十勝子牛研究会(石井三都夫会長)は5月18日、帯広畜産大学で本年度1回目の勉強会を行なった。
十勝管内大樹町の酪農後継者である山下陽子さんが「活躍する初産牛は子牛から」、NOSAI道東 釧路中部センター 弟子屈診療所の茅先秀司獣医師が「飼養管理から見直す乳用子牛の疾病対策事例」と題して講演した。

●子牛の対策だけで初産牛の繁殖成績が改善された――山下陽子さん

数年前に実家に就農して、大学で学んだことと現状のギャップを痛感。後継初心者ができることとして繁殖管理の改善に取り組んだものの、初産牛の受胎が遅く、体格も小さいことが判明。そこで大きい初産牛にするための作戦を練り、3カ月齢までの栄養供給を高めることに。スターター給与期間を延長し、かつ1頭当たり粉ミルク使用量を増やす取り組みを開始した。
その結果、発育スピードが大きく向上し、以前は548kgだった初産分娩時体重は587kgに増え、バラツキも少なくなった。さらに124日だった初産牛の空胎日数は94日に短縮し、経済面でも大きく貢献できた。それにより子牛の対策だけで初産牛の繁殖成績が改善されることを実感。生後1日目(分娩・初乳の管理)と3カ月齢までの管理で、その牛の将来が決まることを認識した。
子牛に手をかけると良いことだらけで、子牛増頭、牛群が揃う、乳量アップ、長命連産、労働軽減、過密解消、規模拡大……等々がかなっていく。

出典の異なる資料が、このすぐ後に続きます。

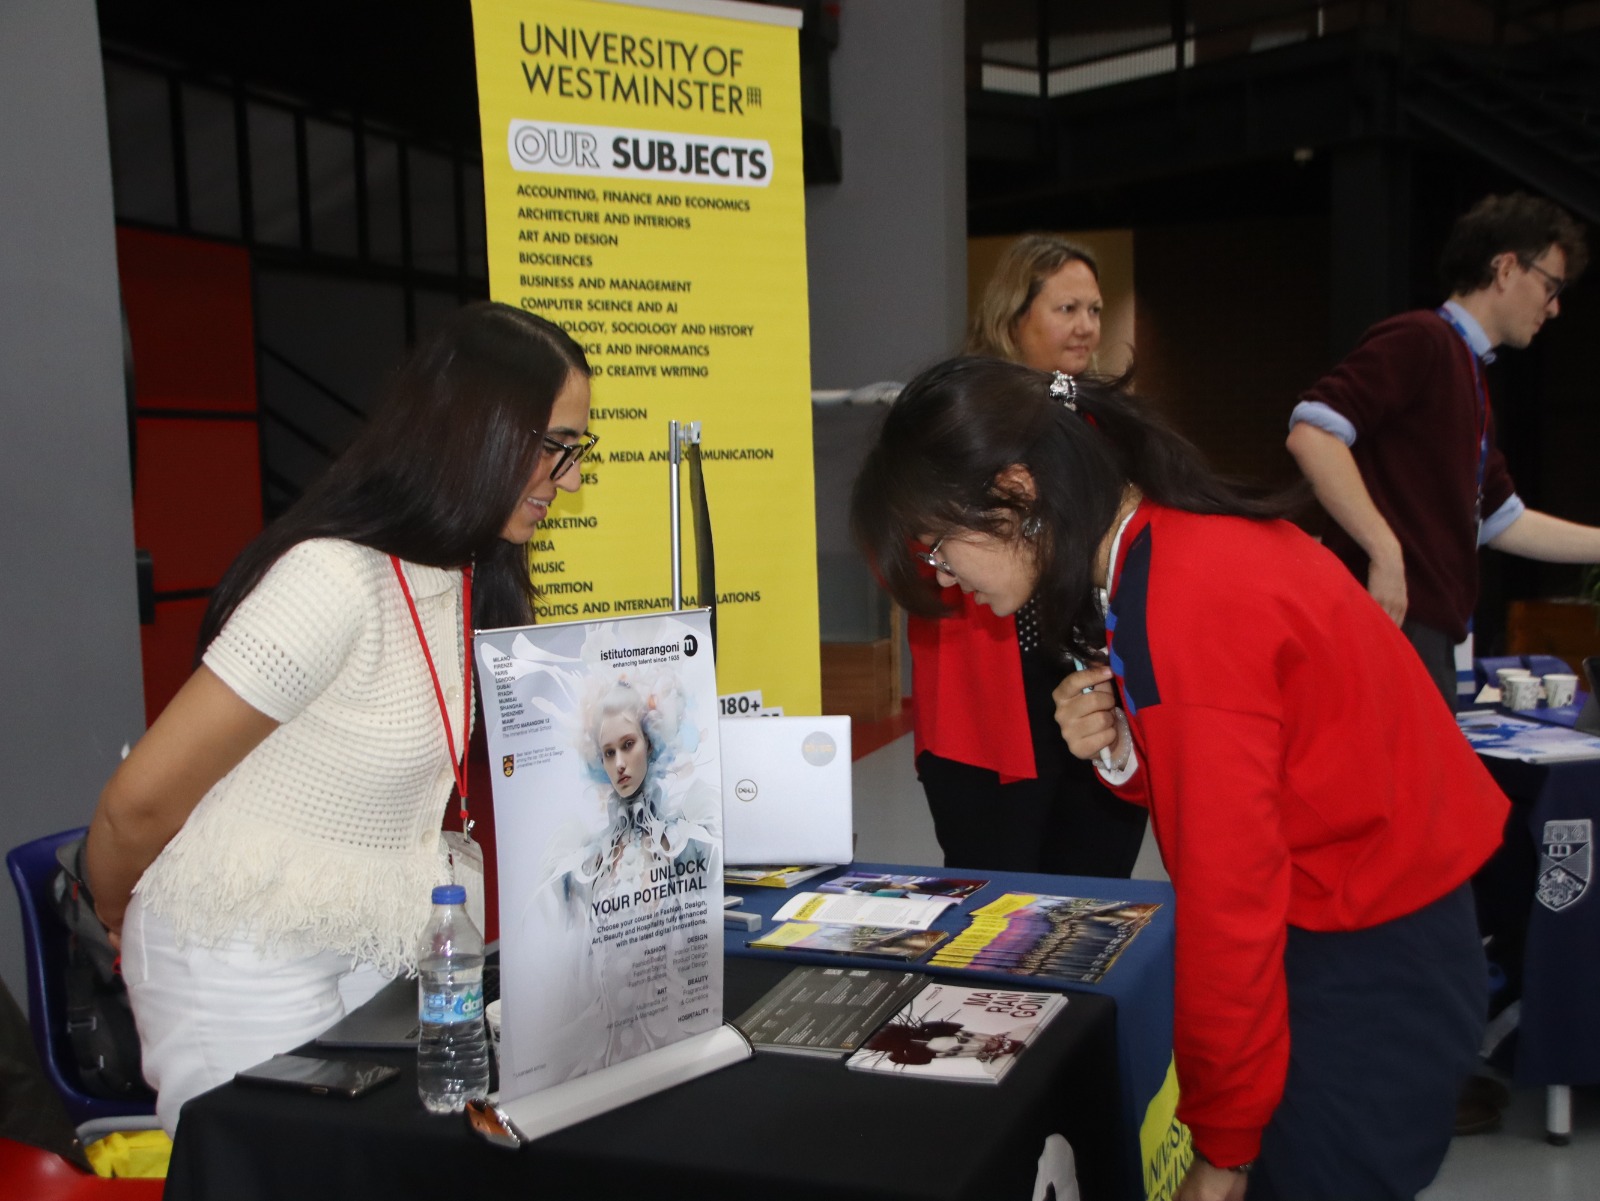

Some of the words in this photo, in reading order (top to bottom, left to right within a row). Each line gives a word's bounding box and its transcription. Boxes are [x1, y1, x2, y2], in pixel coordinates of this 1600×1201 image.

[520, 21, 698, 71] UNIVERSITY
[703, 46, 743, 77] OF
[521, 60, 744, 115] WESTMINSTER
[514, 125, 600, 168] OUR
[612, 136, 767, 180] SUBJECTS
[517, 184, 598, 204] ACCOUNTING,
[603, 190, 653, 205] FINANCE
[656, 193, 682, 207] AND
[685, 195, 750, 212] ECONOMICS
[518, 207, 600, 224] ARCHITECTURE
[604, 212, 630, 225] AND
[633, 214, 691, 229] INTERIORS
[518, 230, 539, 243] ART
[543, 231, 570, 244] AND
[574, 233, 618, 247] DESIGN
[519, 252, 593, 267] BIOSCIENCES
[520, 274, 574, 289] BUSINESS
[578, 277, 605, 290] AND
[609, 279, 692, 293] MANAGEMENT
[521, 297, 583, 312] COMPUTER
[587, 299, 633, 312] SCIENCE
[637, 300, 662, 313] AND
[666, 301, 678, 313] AI
[611, 321, 677, 335] SOCIOLOGY
[681, 323, 706, 336] AND
[709, 324, 754, 337] HISTORY
[606, 343, 632, 355] AND
[636, 344, 709, 357] INFORMATICS
[607, 365, 657, 378] CREATIVE
[661, 366, 709, 378] WRITING
[590, 408, 647, 420] ELEVISION
[609, 450, 645, 462] MEDIA
[649, 450, 670, 462] AN
[530, 540, 555, 552] MBA
[531, 561, 565, 574] MUSIC
[583, 601, 610, 614] AND
[716, 591, 761, 604] LATIONS
[600, 642, 679, 661] istitutomarangoni
[613, 659, 637, 668] enhancing
[495, 676, 516, 684] LONDON
[500, 703, 523, 711] SHANGHAI
[720, 696, 760, 715] 180+
[521, 719, 544, 728] MARANGONI
[650, 858, 707, 883] UNLOCK
[592, 894, 630, 916] YOUR
[634, 877, 707, 906] POTENTIAL
[597, 923, 619, 933] Choose
[620, 919, 633, 928] your
[634, 914, 652, 922] course
[660, 904, 683, 916] Fashion,
[684, 900, 707, 910] Design,
[604, 931, 624, 942] Beauty
[625, 927, 635, 935] and
[637, 919, 664, 933] Hospitality
[678, 909, 707, 920] enhanced
[616, 938, 628, 948] with
[629, 936, 637, 944] the
[639, 931, 654, 942] latest
[655, 926, 671, 937] digital
[687, 934, 708, 943] DESIGN
[644, 944, 666, 956] FASHION
[688, 975, 708, 985] BEAUTY
[963, 991, 997, 1006] MA
[985, 992, 1024, 1013] RAN
[1010, 994, 1052, 1018] GONI
[678, 1008, 709, 1023] HOSPITALITY
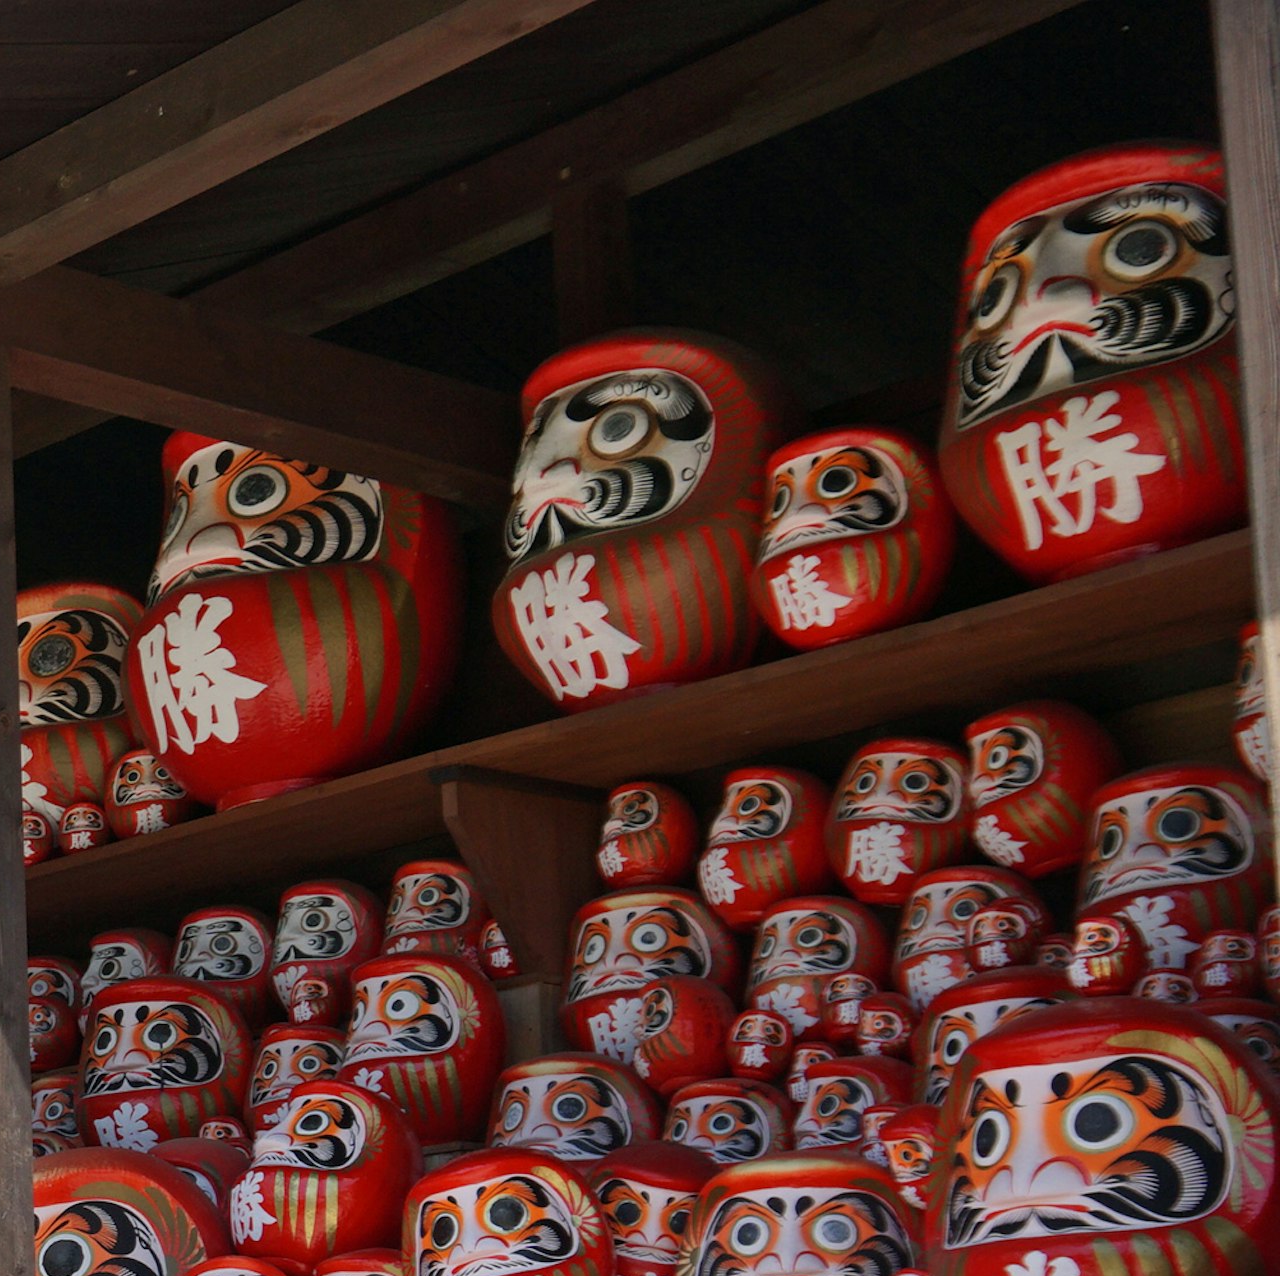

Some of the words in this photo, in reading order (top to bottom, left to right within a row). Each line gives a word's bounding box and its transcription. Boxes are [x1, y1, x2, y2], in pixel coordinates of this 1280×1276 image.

[997, 390, 1166, 551] 勝
[510, 552, 641, 700] 勝
[770, 554, 852, 631] 勝
[138, 593, 268, 755] 勝
[846, 822, 913, 885] 勝
[974, 814, 1028, 867] 勝
[699, 847, 743, 904] 勝
[978, 940, 1008, 968] 勝
[1205, 962, 1232, 987] 勝
[231, 1171, 277, 1243] 勝
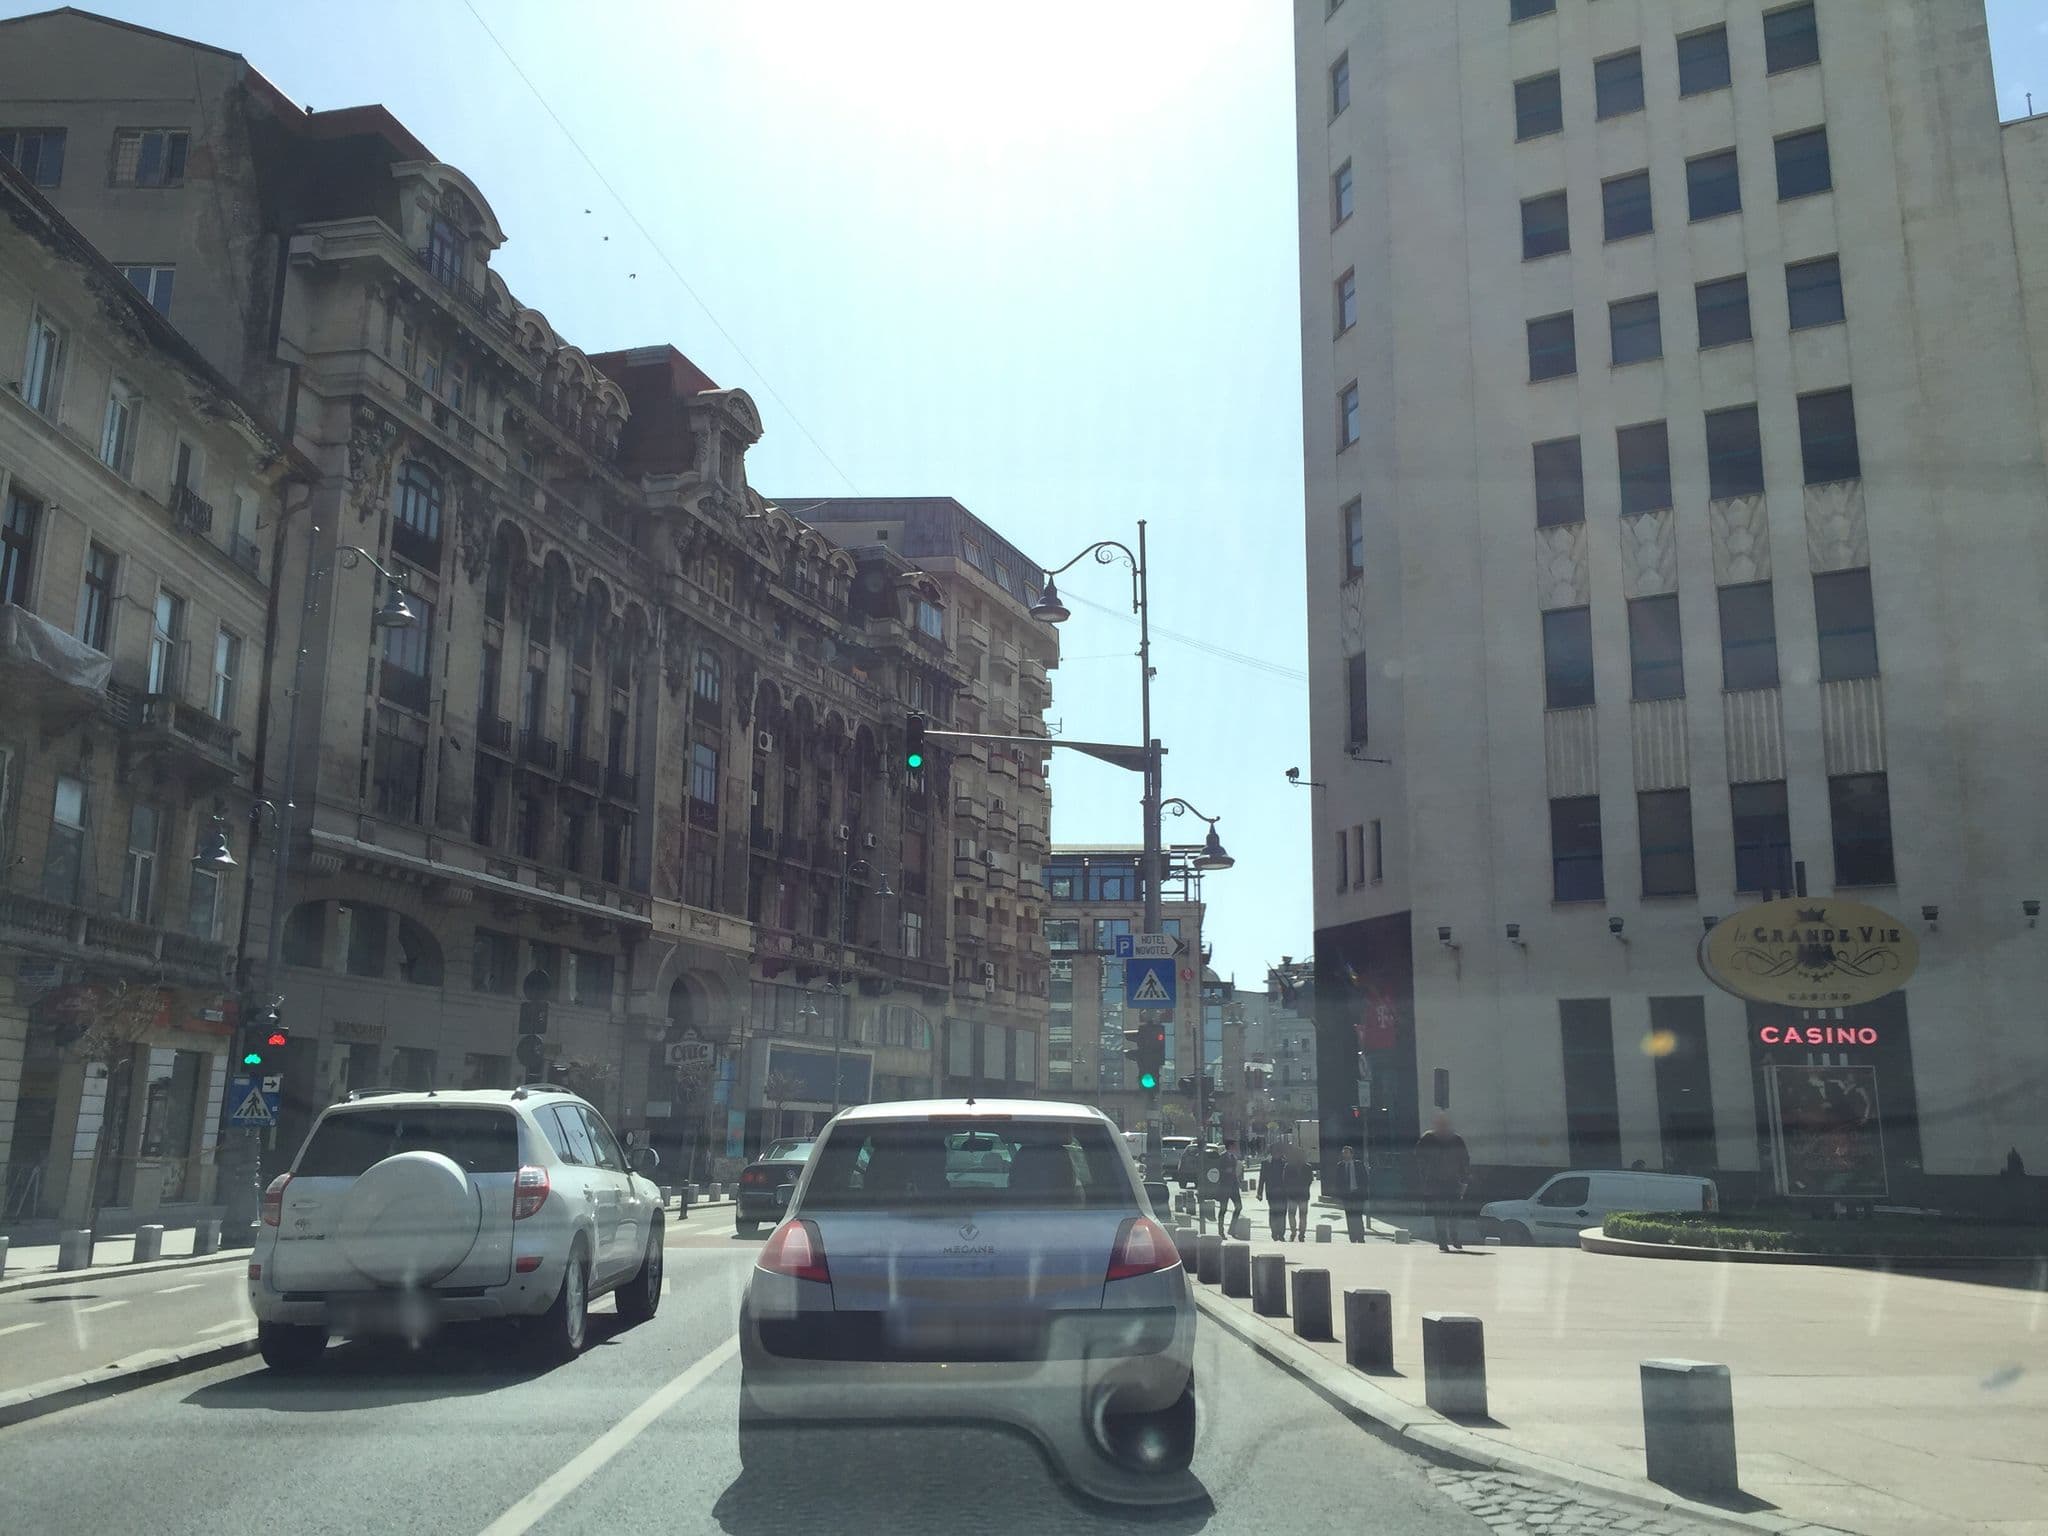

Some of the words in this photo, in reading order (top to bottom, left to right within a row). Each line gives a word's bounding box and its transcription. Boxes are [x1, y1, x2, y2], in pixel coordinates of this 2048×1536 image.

●規模拡大に伴い子牛の疾病が多発、その対策とは――茅先秀司獣医師
総飼養頭数を1年で330頭から670頭に規模拡大したところ、子牛の死廃率が21%となってしまった酪農場の対策に取り組むこととなった。
集団飼育群(30日齢~育成前期)の対策として、飼養密度を減らすこと、哺乳ロボットの保守点検(粉ミルク投入口の詰まり落とし、チューブの定期交換、ホース洗浄、洗浄剤の補給など)を実施した。
個別飼育群(カーフペン、30日齢未満)の対策として、哺乳作業の見直し、哺育環境のリセット(哺育場所の変更)、十分な免疫グロブリンの投与(最低150g)、発酵代用乳の添加、寒冷対策(DM増、高カロリー代用乳)を行なった。
その結果、FPT(免疫移行不全)は減り、消化器・呼吸器病をコントロールすることができた。
現在は分娩時対策として、乾乳・分娩施設での飼養密度を減らすこと、分娩房の管理、分娩監視体制の確立(人員、機械など)を課題としている。